Novel SrO-CaO Mixed Metal Oxides Catalyst for Ultrasonic-Assisted Transesterification of Jatropha Oil into Biodiesel

Syed Danish Ali A B , Isma Noreen Javed A C , Usman Ali Rana D , Muhammad Faizan Nazar E H , Waqas Ahmed F , Asifa Junaid A C , Mahmood Pasha C , Rumana Nazir G and Rizwana Nazir G
+ Author Affiliations
- Author Affiliations

A Nano Science and TechnologyDepartment, National Centre for Physics, Islamabad 45320, Pakistan.

B Department of Material Science, University of Milano-Bicocca, Via R. Cozzi 53, Milan, I-20126, Italy.

C Department of Chemistry, Government Postgraduate College, Jhelum 49600, Pakistan.

D Sustainable Energy Technologies (SET) Center, College of Engineering, PO Box 800, King Saud University, Riyadh 11421, Saudi Arabia.

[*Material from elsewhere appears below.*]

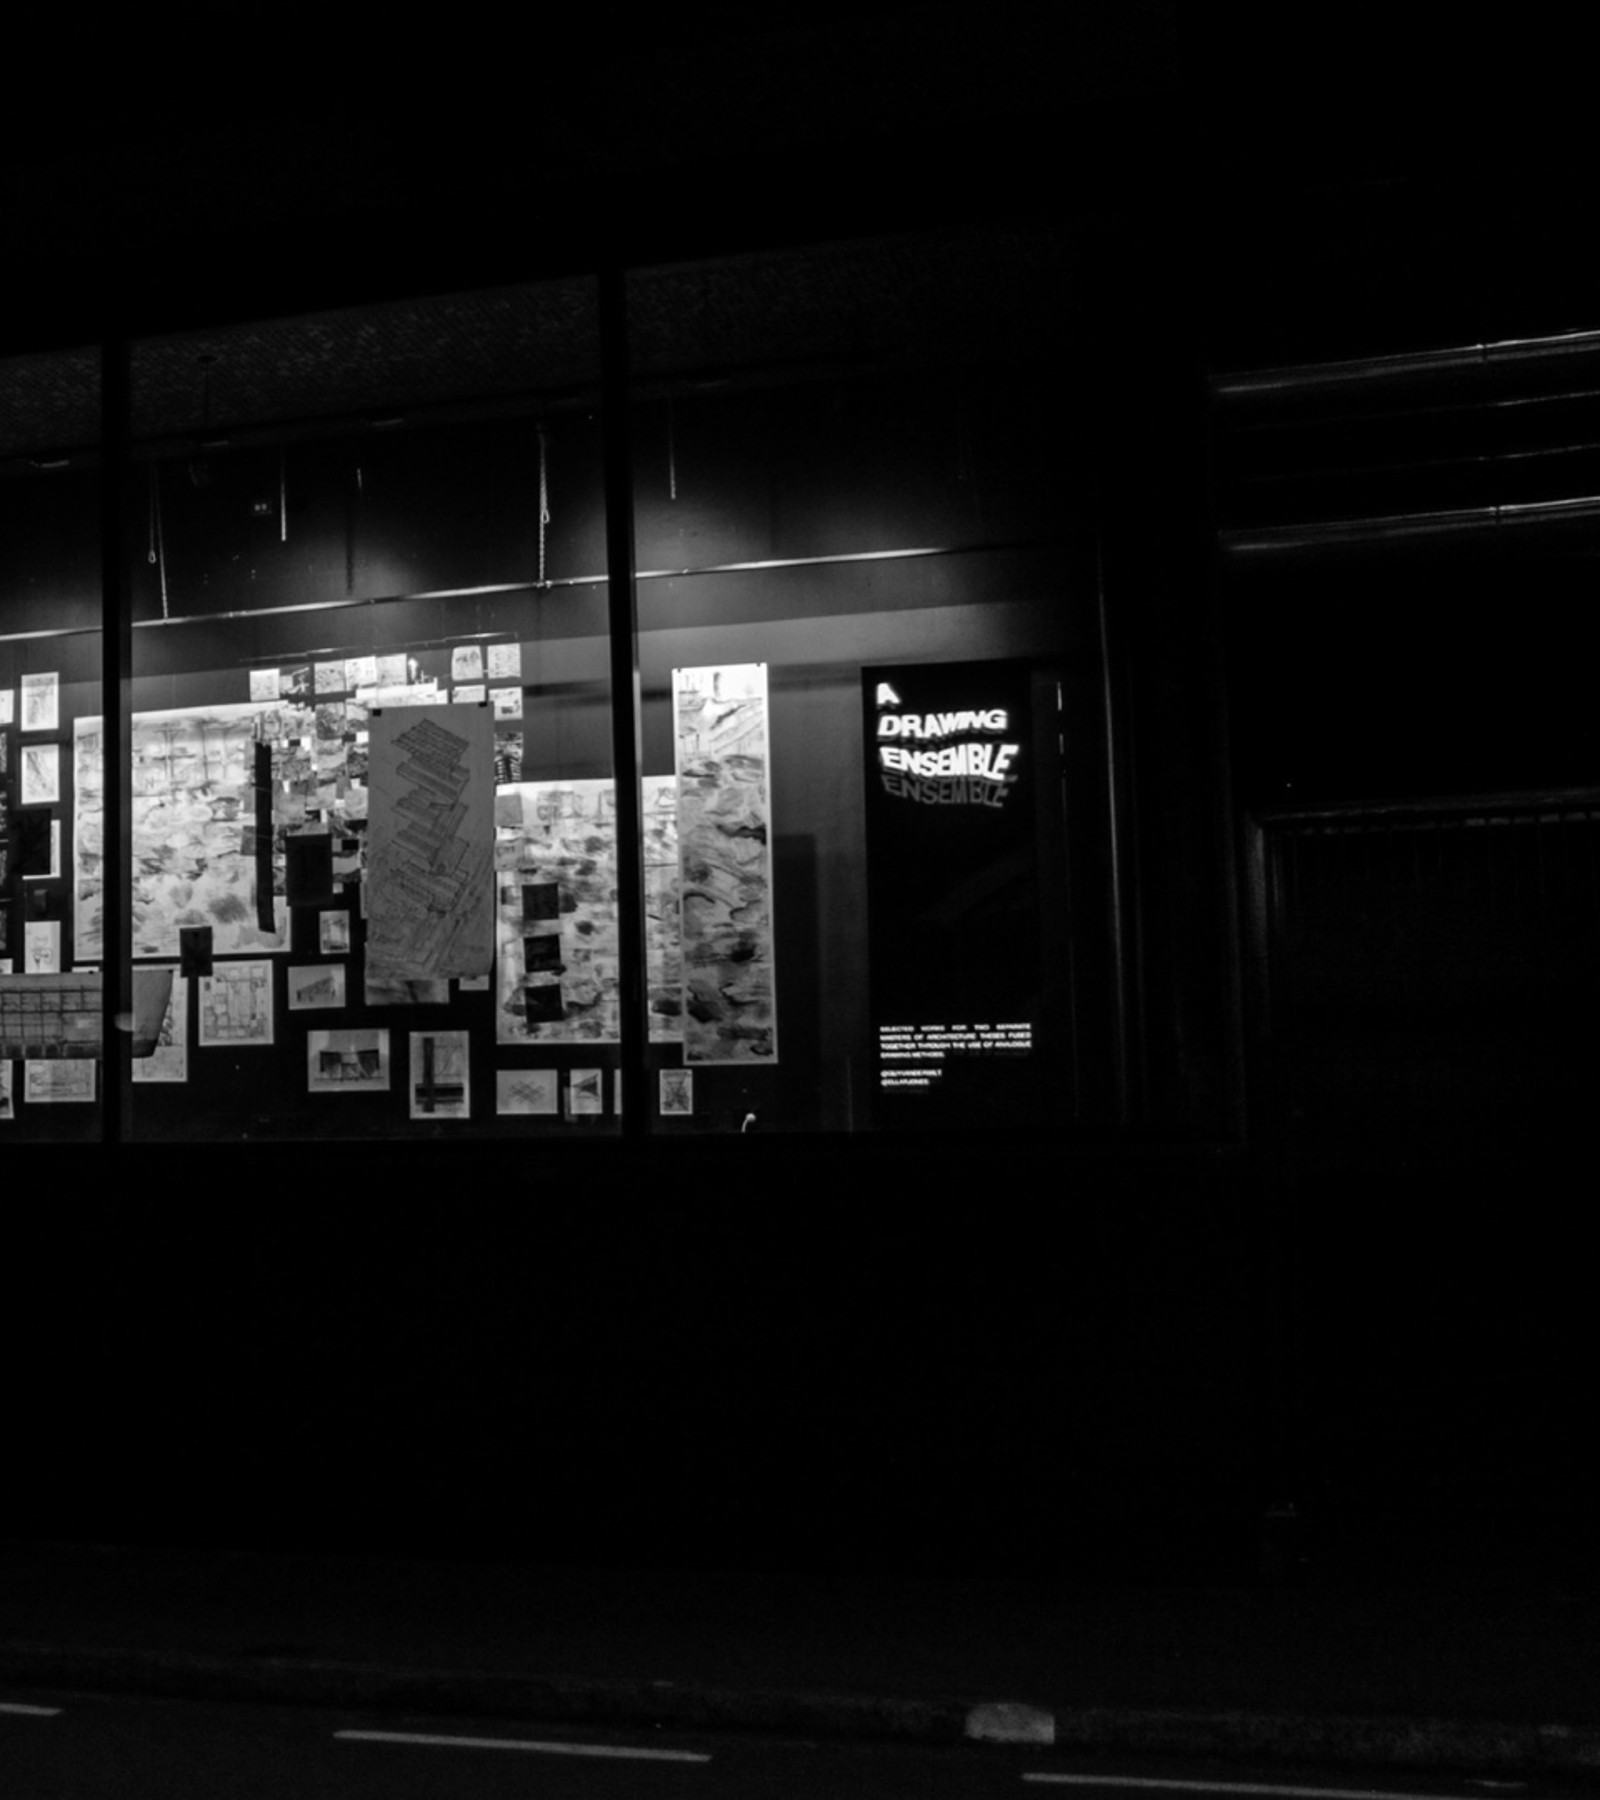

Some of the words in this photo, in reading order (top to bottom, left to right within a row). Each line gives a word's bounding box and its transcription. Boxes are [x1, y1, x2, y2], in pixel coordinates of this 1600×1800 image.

[876, 682, 901, 705] A
[877, 709, 1008, 738] DRAWING
[879, 743, 1019, 781] ENSEMBLE

E Department of Chemistry, University of Gujrat, Gujrat 50700, Pakistan.

F Office of Research, Innovation and Commercialization, University of Gujrat, Gujrat 50700, Pakistan.

G Department of Chemistry, University of Engineering and Technology, Lahore 54890, Pakistan.

H Corresponding author. Email: faizan_qau@yahoo.com; faizan.nazar@uog.edu.pk

Australian Journal of Chemistry 70(3) 258-264 https://doi.org/10.1071/CH16236
Submitted: 14 April 2016  Accepted: 22 July 2016   Published: 25 August 2016

Abstract

The transesterification of edible and non-edible oils to produce biodiesel is traditionally carried out using homogeneous catalysts (such as NaOH, KOH, and H2SO4). However, these homogenous catalysts often suffer from multiple drawbacks including their corrosive nature and solubility in the reaction mixture, and high costs associated with their recovery. Recent studies have shown that heterogeneous catalysts based on mixed metal oxides have the potential to address the issues associated with conventional homogeneous catalysts, thereby emerging as an efficient class of catalyst materials for biodiesel production. In this study, we describe a heterogeneous strontium oxide/calcium oxide (SrO-CaO) mixed metal oxides catalyst, which displays remarkable efficiency towards the ultrasonic-assisted transesterification of Jatropha oil into biodiesel. The SrO-CaO heterogeneous catalyst was prepared by the wet impregnation method, and the structural morphology of the as-synthesized catalyst was revealed by X-ray diffraction, scanning electron microscopy, energy-dispersive X-ray spectroscopy, and nitrogen sorption technique coupled with the Brunauer–Emmett–Teller and Barrett–Joyner–Halenda methods. The X-ray diffraction analysis confirmed the cubic structure of the SrO-CaO catalyst. The catalytic activity of this newly developed catalyst showed a high percentage conversion of triglyceride into the corresponding fatty acid methyl esters (98.19 %) as confirmed by 1H NMR spectroscopy. The chemical composition of the prepared biodiesel by this ultrasonic-assisted transesterification process was determined by the gas chromatography–mass spectrometry. Five major fatty acid methyl esters were identified, of which 9-octadecenoic acid methyl ester was obtained with the highest percentage ~38.22 %. Hence, the study reveals that the SrO-CaO catalyst exhibits high efficiency towards converting Jatropha oil into biodiesel by ultrasonic-assisted transesterification.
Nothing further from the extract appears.